PROBLEM DESCRIPTION
Give the entries again exactly. Skip the pictures.
——
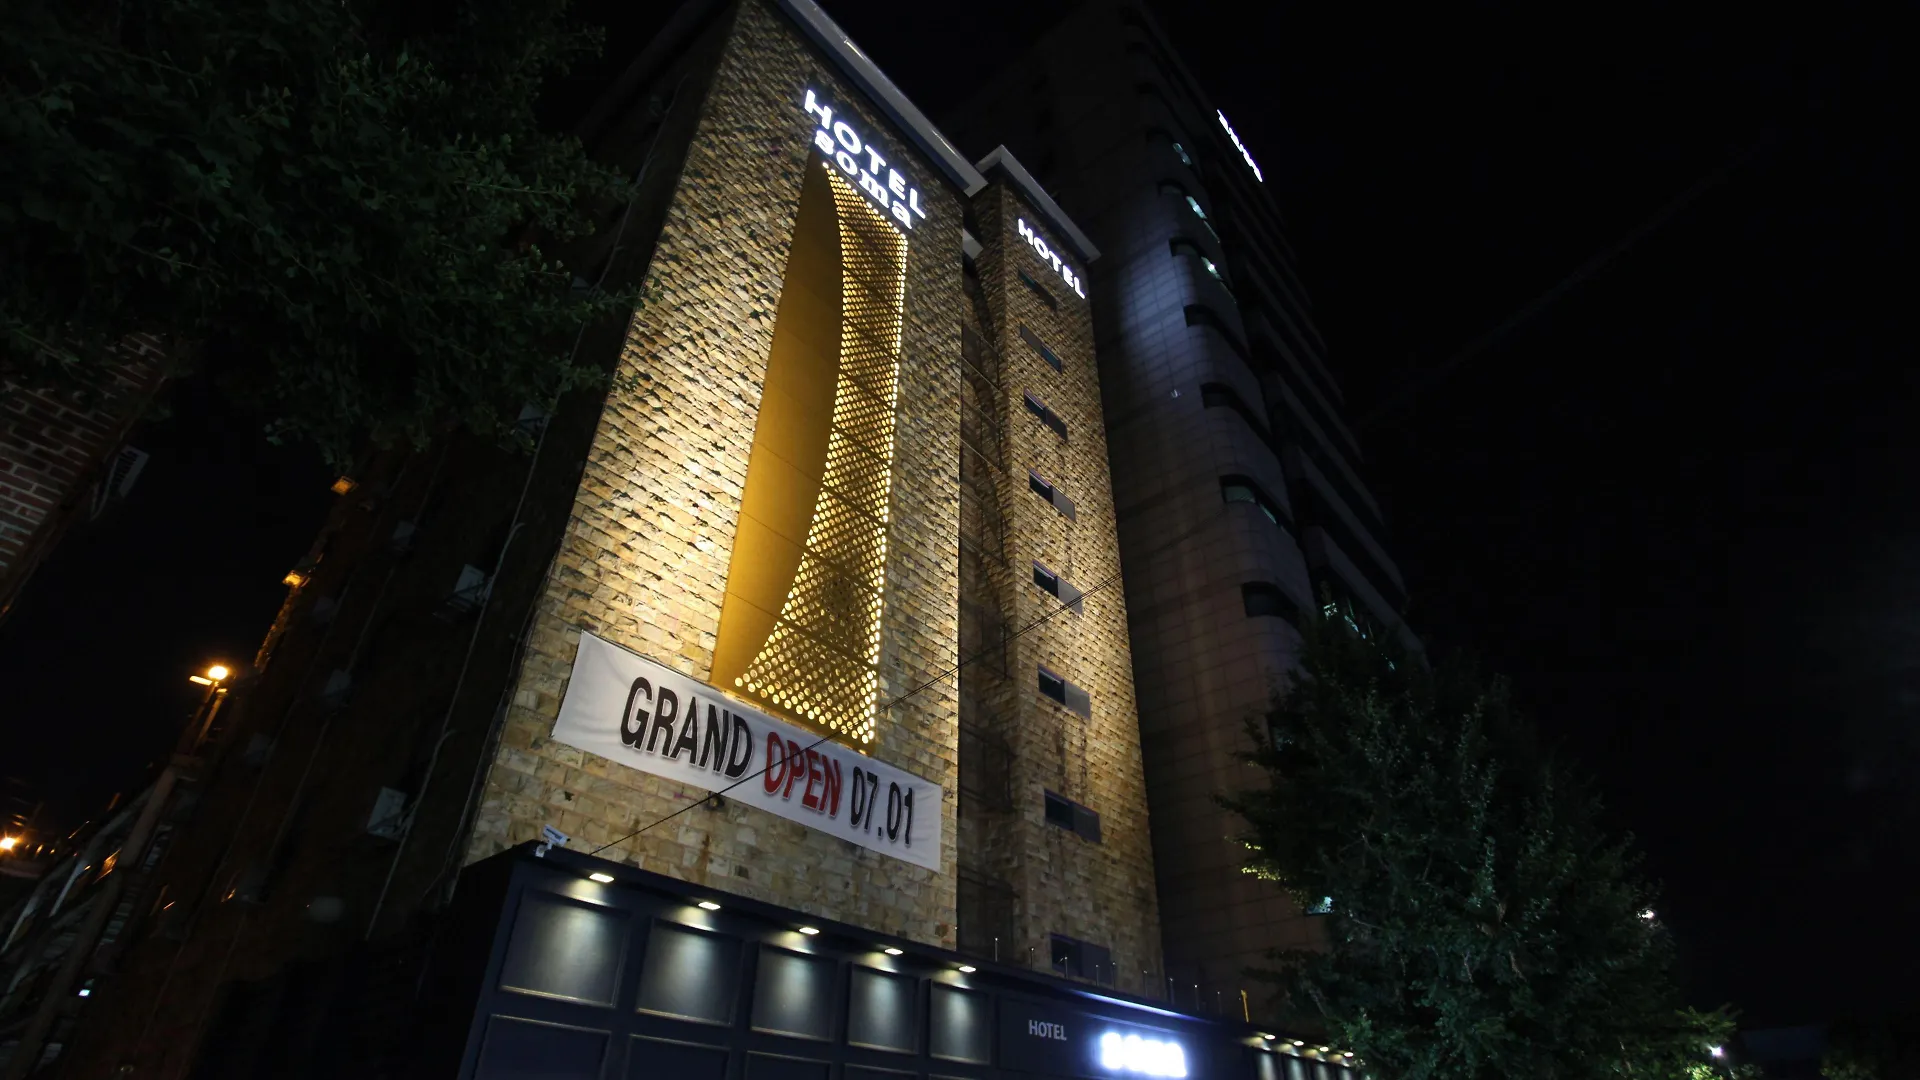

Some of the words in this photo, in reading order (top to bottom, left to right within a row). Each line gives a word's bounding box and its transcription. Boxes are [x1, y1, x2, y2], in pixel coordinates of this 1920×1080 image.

[805, 89, 926, 219] HOTEL
[814, 130, 913, 230] soma
[1018, 218, 1085, 299] HOTEL
[620, 676, 753, 779] GRAND
[763, 731, 842, 817] OPEN
[850, 765, 915, 847] 07.01
[1028, 1019, 1067, 1041] HOTEL
——
EXPECTED OUTPUT
Some of the words in this photo, in reading order (top to bottom, left to right within a row). Each line gives a word's bounding box and its transcription. Boxes are [x1, y1, x2, y2], in pixel coordinates of this 1920×1080 image.

[805, 89, 926, 219] HOTEL
[814, 130, 913, 230] soma
[1018, 218, 1085, 299] HOTEL
[620, 676, 753, 779] GRAND
[763, 731, 842, 817] OPEN
[850, 765, 915, 847] 07.01
[1028, 1019, 1067, 1041] HOTEL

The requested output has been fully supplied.